[Opening The data section]
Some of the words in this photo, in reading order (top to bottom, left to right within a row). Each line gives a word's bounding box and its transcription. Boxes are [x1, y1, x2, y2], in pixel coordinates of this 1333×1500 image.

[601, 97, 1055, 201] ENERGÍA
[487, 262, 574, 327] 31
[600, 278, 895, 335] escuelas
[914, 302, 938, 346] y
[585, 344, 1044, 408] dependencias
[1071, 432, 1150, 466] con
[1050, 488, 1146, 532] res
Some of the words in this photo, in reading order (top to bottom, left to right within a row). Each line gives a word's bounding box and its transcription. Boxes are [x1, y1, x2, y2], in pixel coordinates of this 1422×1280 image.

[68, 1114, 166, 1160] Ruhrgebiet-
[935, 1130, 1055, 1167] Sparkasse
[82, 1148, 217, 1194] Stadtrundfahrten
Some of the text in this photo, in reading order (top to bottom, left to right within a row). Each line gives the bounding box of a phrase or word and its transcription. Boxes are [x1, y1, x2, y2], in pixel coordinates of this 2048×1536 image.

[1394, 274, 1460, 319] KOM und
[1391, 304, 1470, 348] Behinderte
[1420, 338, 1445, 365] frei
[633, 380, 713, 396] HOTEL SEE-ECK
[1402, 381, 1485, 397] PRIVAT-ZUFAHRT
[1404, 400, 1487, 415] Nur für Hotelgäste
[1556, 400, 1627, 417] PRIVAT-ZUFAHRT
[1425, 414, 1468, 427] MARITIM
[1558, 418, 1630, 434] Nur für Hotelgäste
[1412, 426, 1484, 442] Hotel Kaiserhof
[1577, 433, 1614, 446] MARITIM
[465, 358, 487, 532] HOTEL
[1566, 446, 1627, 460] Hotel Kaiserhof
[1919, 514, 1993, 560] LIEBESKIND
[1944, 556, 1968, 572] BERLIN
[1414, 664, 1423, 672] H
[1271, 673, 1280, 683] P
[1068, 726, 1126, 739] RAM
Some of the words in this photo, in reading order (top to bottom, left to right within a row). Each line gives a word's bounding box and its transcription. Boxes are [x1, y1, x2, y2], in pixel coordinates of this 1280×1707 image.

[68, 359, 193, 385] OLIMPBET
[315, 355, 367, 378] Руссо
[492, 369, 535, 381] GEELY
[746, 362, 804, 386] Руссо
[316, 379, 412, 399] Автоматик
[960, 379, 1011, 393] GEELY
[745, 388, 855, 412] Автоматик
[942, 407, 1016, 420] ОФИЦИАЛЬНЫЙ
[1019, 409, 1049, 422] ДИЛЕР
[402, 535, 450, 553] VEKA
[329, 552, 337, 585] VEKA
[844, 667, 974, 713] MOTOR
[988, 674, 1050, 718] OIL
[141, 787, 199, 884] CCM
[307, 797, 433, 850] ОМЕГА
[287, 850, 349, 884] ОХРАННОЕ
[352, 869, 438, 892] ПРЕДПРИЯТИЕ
[Closing The data section]
● **What is expected**:
Down to the last line, return the data above exactly.

● **Output for this exercise**:
Some of the words in this photo, in reading order (top to bottom, left to right within a row). Each line gives a word's bounding box and its transcription. Boxes are [x1, y1, x2, y2], in pixel coordinates of this 1333×1500 image.

[601, 97, 1055, 201] ENERGÍA
[487, 262, 574, 327] 31
[600, 278, 895, 335] escuelas
[914, 302, 938, 346] y
[585, 344, 1044, 408] dependencias
[1071, 432, 1150, 466] con
[1050, 488, 1146, 532] res
Some of the words in this photo, in reading order (top to bottom, left to right within a row). Each line gives a word's bounding box and its transcription. Boxes are [x1, y1, x2, y2], in pixel coordinates of this 1422×1280 image.

[68, 1114, 166, 1160] Ruhrgebiet-
[935, 1130, 1055, 1167] Sparkasse
[82, 1148, 217, 1194] Stadtrundfahrten
Some of the text in this photo, in reading order (top to bottom, left to right within a row). Each line gives the bounding box of a phrase or word and its transcription. Boxes are [x1, y1, x2, y2], in pixel coordinates of this 2048×1536 image.

[1394, 274, 1460, 319] KOM und
[1391, 304, 1470, 348] Behinderte
[1420, 338, 1445, 365] frei
[633, 380, 713, 396] HOTEL SEE-ECK
[1402, 381, 1485, 397] PRIVAT-ZUFAHRT
[1404, 400, 1487, 415] Nur für Hotelgäste
[1556, 400, 1627, 417] PRIVAT-ZUFAHRT
[1425, 414, 1468, 427] MARITIM
[1558, 418, 1630, 434] Nur für Hotelgäste
[1412, 426, 1484, 442] Hotel Kaiserhof
[1577, 433, 1614, 446] MARITIM
[465, 358, 487, 532] HOTEL
[1566, 446, 1627, 460] Hotel Kaiserhof
[1919, 514, 1993, 560] LIEBESKIND
[1944, 556, 1968, 572] BERLIN
[1414, 664, 1423, 672] H
[1271, 673, 1280, 683] P
[1068, 726, 1126, 739] RAM
Some of the words in this photo, in reading order (top to bottom, left to right within a row). Each line gives a word's bounding box and its transcription. Boxes are [x1, y1, x2, y2], in pixel coordinates of this 1280×1707 image.

[68, 359, 193, 385] OLIMPBET
[315, 355, 367, 378] Руссо
[492, 369, 535, 381] GEELY
[746, 362, 804, 386] Руссо
[316, 379, 412, 399] Автоматик
[960, 379, 1011, 393] GEELY
[745, 388, 855, 412] Автоматик
[942, 407, 1016, 420] ОФИЦИАЛЬНЫЙ
[1019, 409, 1049, 422] ДИЛЕР
[402, 535, 450, 553] VEKA
[329, 552, 337, 585] VEKA
[844, 667, 974, 713] MOTOR
[988, 674, 1050, 718] OIL
[141, 787, 199, 884] CCM
[307, 797, 433, 850] ОМЕГА
[287, 850, 349, 884] ОХРАННОЕ
[352, 869, 438, 892] ПРЕДПРИЯТИЕ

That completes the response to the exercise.